I like to conceptually visualize motion profiles as a filter (even though it is not LTI, so this is an abuse of terminology to me). You tell the filter that you want to go to position “10”, and it tells you what to do for the next time step to get closer to “10” while only moving with a maximum acceleration and velocity that you configure the filter with. This is essentially how we implemented it.

I would start by writing code on your local machine to generate motion profiles and debug it by plotting the output to see if it works or not. It is quite hard to debug this type of stuff on a running robot.

To echo what Austin said: This is a great example of something you can develop and test without a running robot. Write the code to generate a trapezoidal motion profile using J2SE or on a desktop using C++, debug using Excel, Matlab, or Gnu plots, and you will be able to port it to your robot code with ease.
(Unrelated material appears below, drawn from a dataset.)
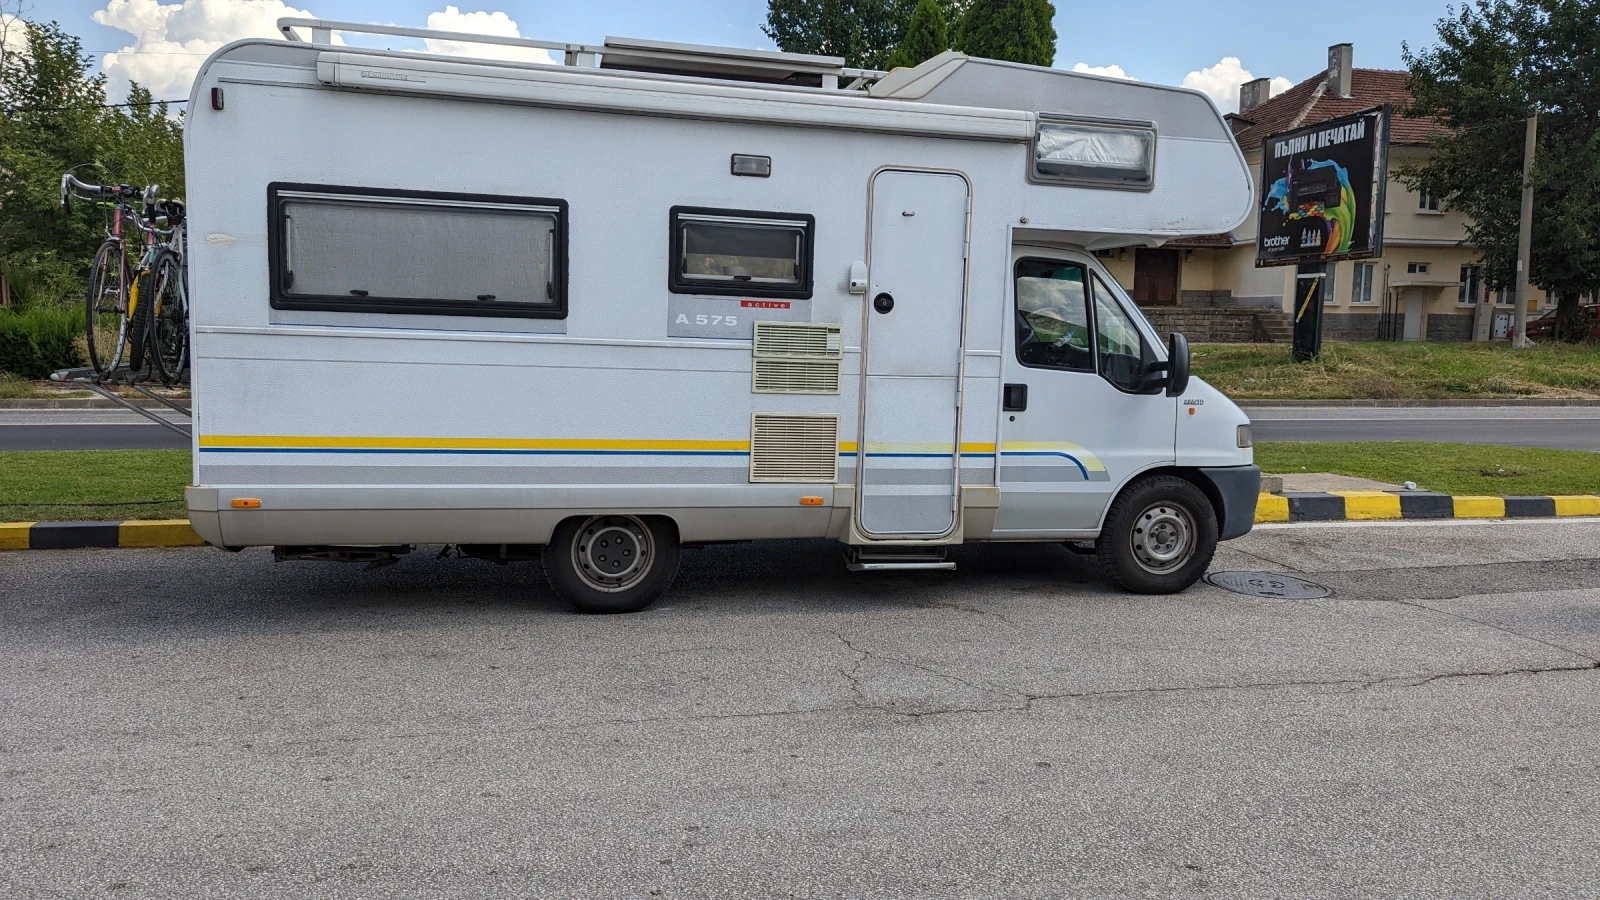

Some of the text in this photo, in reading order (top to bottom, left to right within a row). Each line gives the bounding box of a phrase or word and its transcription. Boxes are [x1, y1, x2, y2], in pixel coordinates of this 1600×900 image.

[1275, 118, 1365, 158] ПЪЛНИ И ПЕЧАТАЙ
[1264, 235, 1290, 247] brother
[675, 313, 738, 326] A 575
Of course, once you are generating your trapezoidal motion profiles, you will need a controller that makes sure the bot actually follows it! Here are a few ideas on how you could do this:

1. Use a PID loop on your drive motors (in distance mode). Use the speed output of your motion profile to limit the maximum command that PID is allowed to send to your motors.

2. Use a PID loop on your drive motors (in speed mode). As long as your speed loop has an integral term (the I gain is nonzero), this should get you where you are going.

3. Use both (1) and (2) to control both speed and distance; there is also a specialized “PIV” controller used in industrial servos that mixes both speed and distance to command the motors.

4. Just use the speed command you generated to drive the motors directly (open loop), but switch to a PID controller when you get close to the goal to go the last few inches.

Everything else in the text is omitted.